Garsonumuz bir hanım: Meziya, dört yıldır Türkiye’de olduğu için çat pat Türkçe konuşuyor. Fotoğrafçı arkadaşım Emre’yle paylaşmak üzere bütün yemeklerden birer porsiyon istiyoruz. “Votka ister misiniz?” diye soruyor öğlen öğlen... “Ev yapımı” diye ısrar edince “Tamam, getir” diyoruz. İki kişi olmamıza rağmen getirip 50’lik şişeyi de koyuyor önümüze.
Ben bu kelimeyi bir yerden...
Gürcüce ve İngilizce mönüde, ilk gözüme çarpan lobiya. Bu, fasulye olmalı. Karadenizli anneannem de fasulyeye ‘lobiya’ derdi. Demek, Gürcüce’yle ortak kelime. Gerisini Meziya anlatıyor: Kuşbaşılı olan ‘ostri’. ‘Katleti’ köfte demek. ‘Kaçapuri’ adında, üstüne karışık peynirler koydukları bir pideleri var: Dört peynirli Gürcü pizzası... İsteyen müşteriler için domuz da servis ediyorlar: Şaşlık, sosis, ızgara... Ama asıl numara, lokantanın fiyatlarının ucuzluğunda. Yedi tabak yemek ve yarım okka ev yapımı votka için toplam 87 lira. Bizim çocukların buraya dibi düşecek. Hele de armutlu Gürcü gazozuna...Lobiya mı? O kadar da uzun boylu değil: Tabii ki anneanneminki daha lezzetli.
BUNLAR DA VAR
“Samsi ustası aranıyor”, “Lahman ustası aranıyor”... Terminal ve ona çıkan sokaklarda adını sanını bilmediğimiz dünya lezzetlerinin ustaları aranıyor.

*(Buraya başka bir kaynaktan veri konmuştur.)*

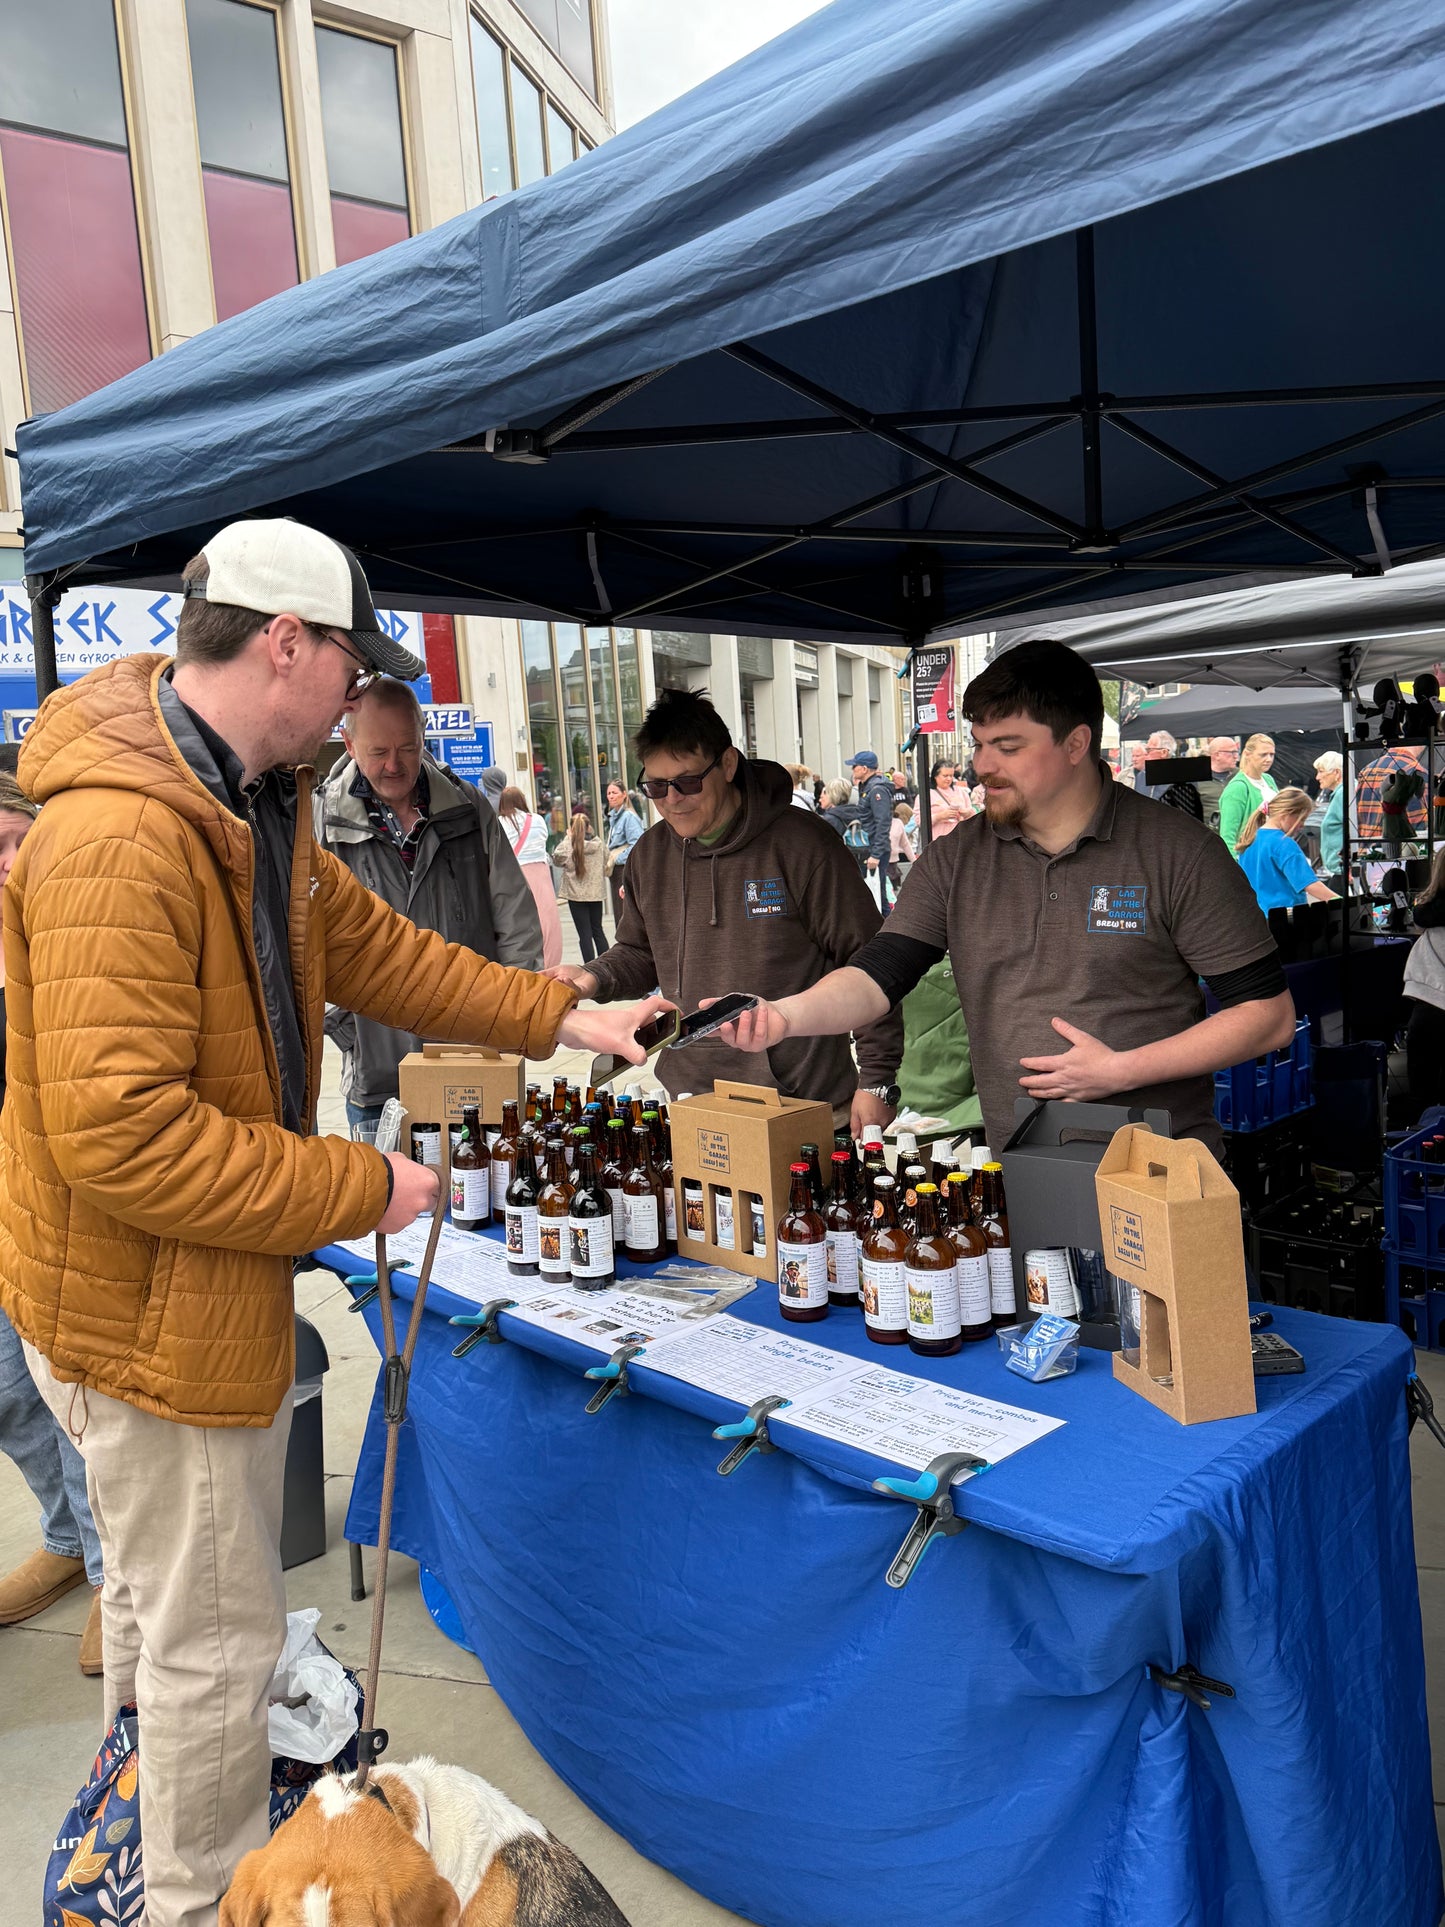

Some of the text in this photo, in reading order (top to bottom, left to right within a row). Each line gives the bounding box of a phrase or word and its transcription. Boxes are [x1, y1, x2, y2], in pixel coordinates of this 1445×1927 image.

RUS MUTFAĞI İÇİN: SONUÇKA EV YEMEKLERİ
Anjelika Jolie’nin böreği
En sevilen yemeği: Rusların beyaz ekler pastası ve pure skolleta denilen patatesli börek.
Porsiyonu: 10 lira.
Bonus: Kısa sarı saçlarından dolayı civardakilerin Anjelika Jolie dedikleri sahibesinin güler yüzü.
Nasıl bulurum: (0212) 587 21 49
ARAP MUTFAĞI İÇİN: BIG KAİAS
300 gramlık kebap
En sevilen yemeği: İçinde 300 gram et olan Halep Kebabı.
Porsiyonu: 20 lira.
Bonus: Arapça kanalları izleme imkânı.
Nasıl bulurum: (0212) 585 13 20
UYGUR MUTFAĞI İÇİN: HUZUR LOKANTASI
20’şer metre arayla
En sevilen yemeği: Polo. Bir çeşit etli ve havuçlu pilav.
Porsiyonu: 10 lira.
Bonus: 20’şer metre arayla Anayurt ve Yüksel adında iki Uygur lokantası daha var.